Different cycles use different instance generation rules:

  • Minute and hour: Multiple instances may be generated in one day.

  • Day and above: One instance is generated per day. On non-scheduled days, an empty-run instance is generated.

3. Time Model

1. Scheduled Time

Scheduled time is derived from the task time configuration:

  • Day, week, month, and year: date_trunc(scheduled_time, DAY)

  • Hour: date_trunc(scheduled_time, HOUR)

  • Minute: date_trunc(scheduled_time, MINUTE)

2. Business Date

  • Periodic instances: Derived from scheduled time.

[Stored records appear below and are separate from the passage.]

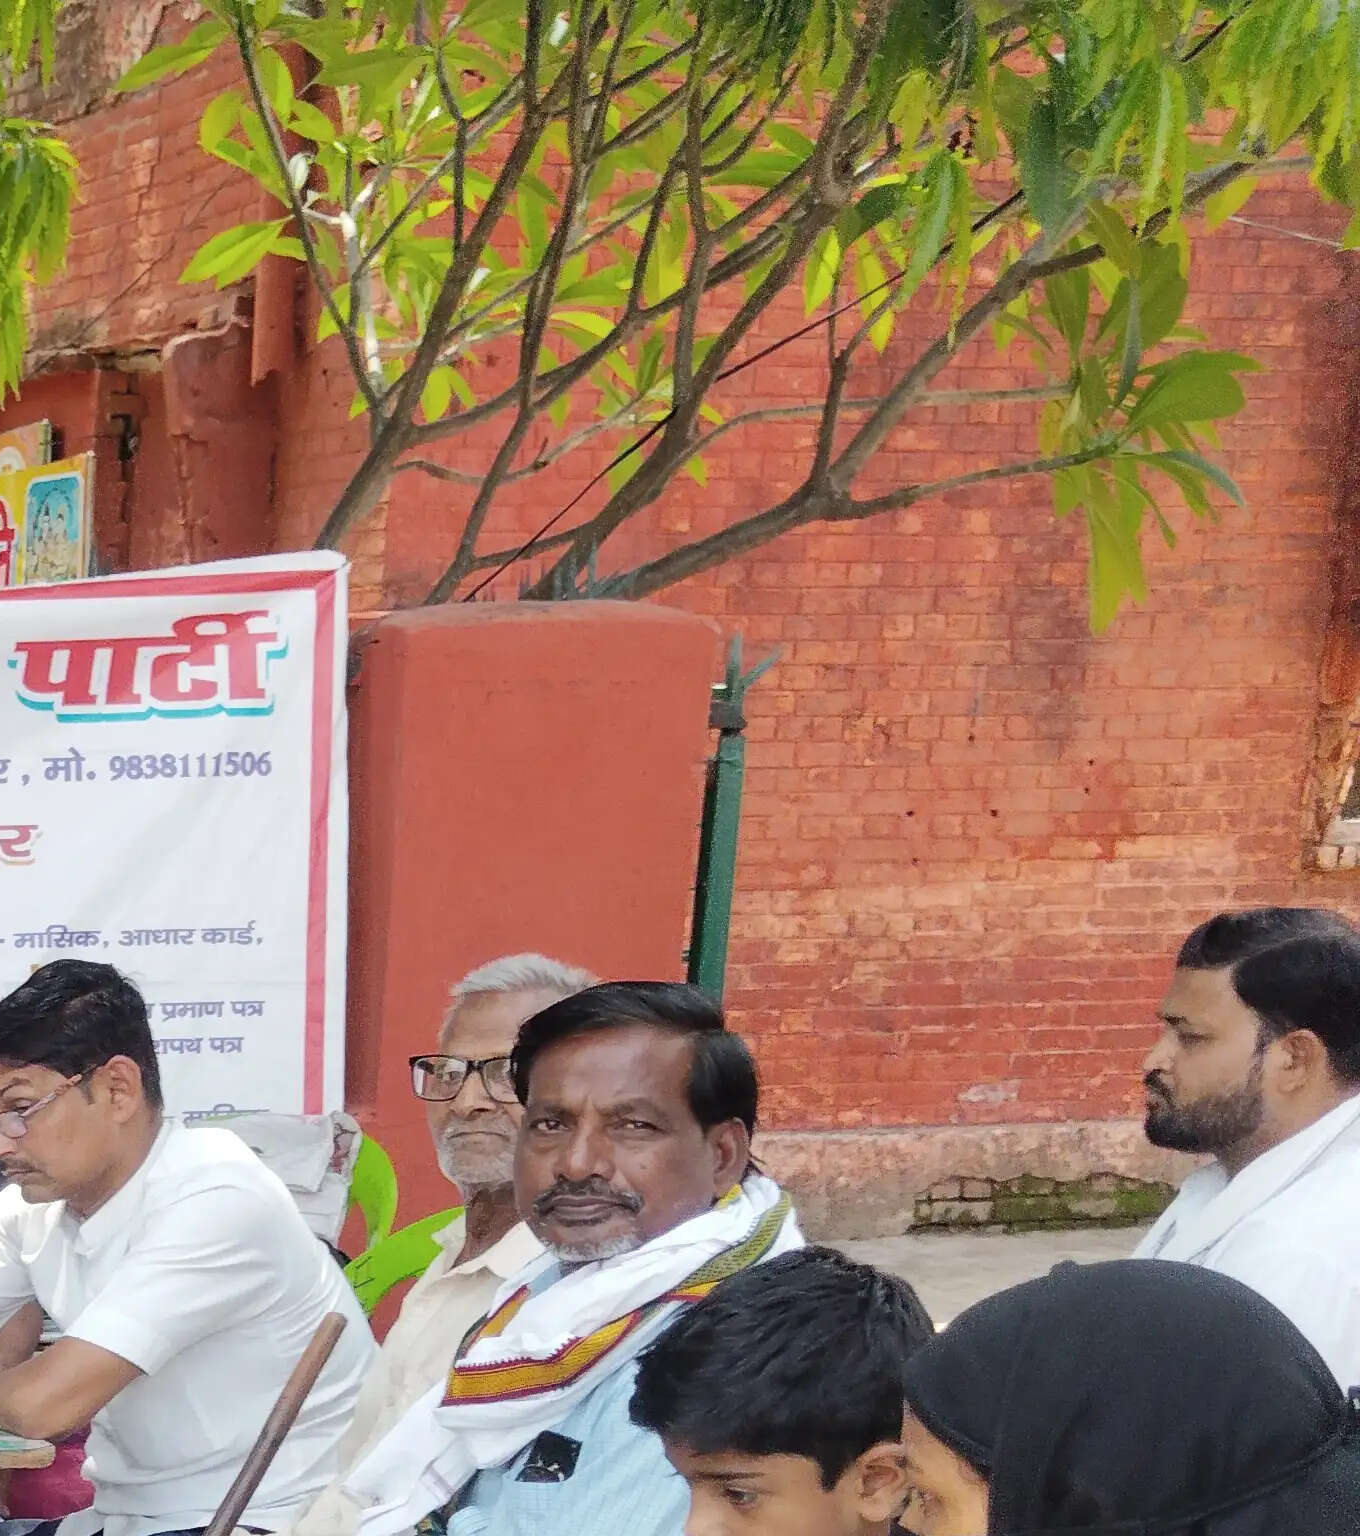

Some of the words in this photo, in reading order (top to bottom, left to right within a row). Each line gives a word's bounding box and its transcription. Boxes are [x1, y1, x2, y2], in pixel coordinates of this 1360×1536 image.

[14, 610, 279, 708] पार्टी
[43, 748, 98, 783] मो.
[109, 751, 273, 782] 9838111506
[13, 925, 109, 949] मासिक,
[118, 928, 196, 946] आधार
[200, 920, 263, 946] कार्ड,
[160, 1001, 225, 1022] प्रमाण
[231, 1000, 265, 1017] पत्र
[208, 1037, 245, 1053] पत्र

    • Daily cycle: business date = scheduled time - 1 day.

    • Hourly cycle: business date = scheduled time - 1 hour.

    • Minute cycle: business date = scheduled time - 1 minute.

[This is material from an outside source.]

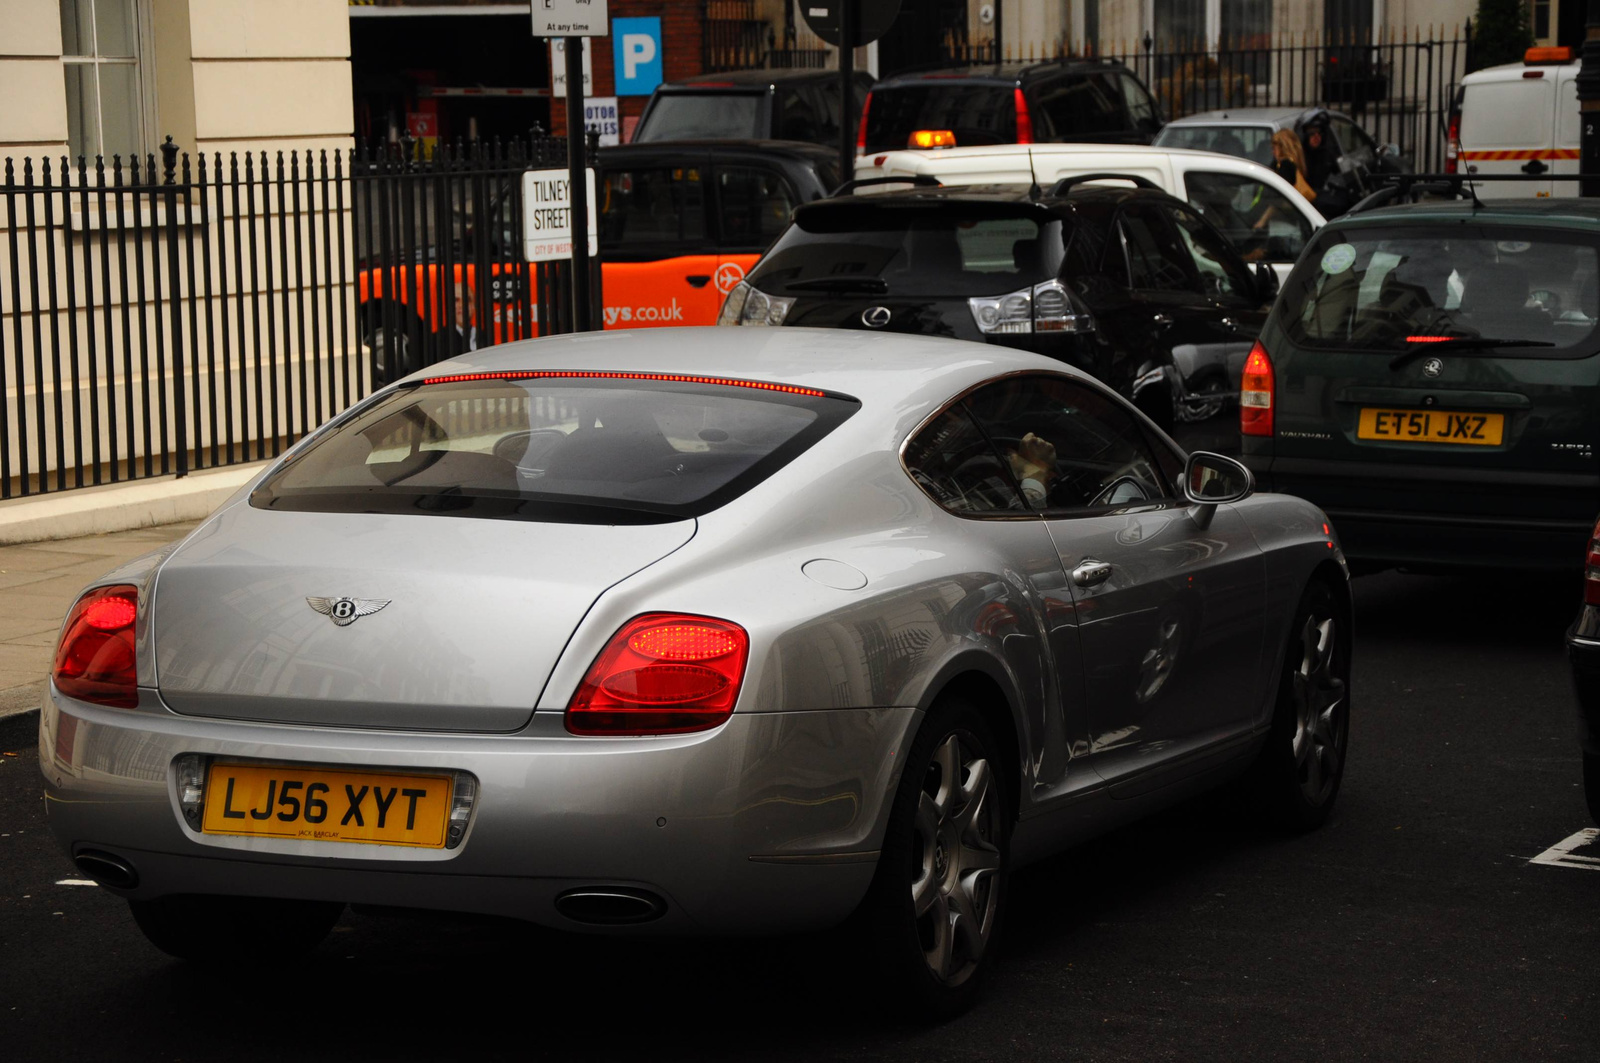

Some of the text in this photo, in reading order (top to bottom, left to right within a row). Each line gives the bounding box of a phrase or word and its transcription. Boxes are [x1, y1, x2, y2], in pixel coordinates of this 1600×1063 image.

  • Backfill instances: Specified by the user when submitting the backfill.

4. Instance Status Transitions

1. Normal Status Transitions

2. Manual Intervention Statuses

  • Mark as successful:

    • Allowed source statuses: Not Run, Waiting, Failed, and Paused.

    • Used to skip the current instance and continue downstream execution.

  • Pause:

    • Allowed source statuses: Not Run, Waiting, and Running.

    • After recovery, the instance is treated as a rerun.

5. Task Types

1. Data Source Table Tasks

  • Describes update events for a data source.

  • Supports:

    • Enabling or disabling scheduling.

    • Periodic scheduling.

    • Update triggers from external APIs.

Data source table tasks are important dependency nodes for downstream materialization tasks.

2. Regular Materialization Tasks

  • Generate result tables for external systems or queries.

  • Characteristics:

    • They do not participate in query rewrite.

    • They support full, partition, and merge updates.

3. Acceleration Materialization Tasks

  • Used for query acceleration.

  • Characteristics:

    • They can be hit by queries.

    • They do not support append-style updates, which preserves hit correctness.

4. External Materialization Tasks

  • Used to register existing externally materialized results.

6. Scheduling Dependencies

Dependency Rules

Current Instance Cycle Dependable Instance Cycle Dependency Condition Selection Rule
Minute Minute Same natural hour and scheduled time <= current instance Select the nearest one.
Minute Hour Same natural hour and scheduled time <= current instance Depend on it if there is exactly one match.
Minute Day / Week / Month / Year Same natural day and scheduled time <= current instance Depend on it if there is exactly one match.
Hour Minute Same natural hour Select the last one in that hour.
Hour Hour Same natural day and scheduled time <= current instance Select the nearest one.
Hour Day / Week / Month / Year Same natural day and scheduled time <= current instance Depend on it if there is exactly one match.
Day Minute / Hour Same natural day Select the last one of the day.
Day Day / Week / Month / Year Same natural day Depend on it if there is exactly one match.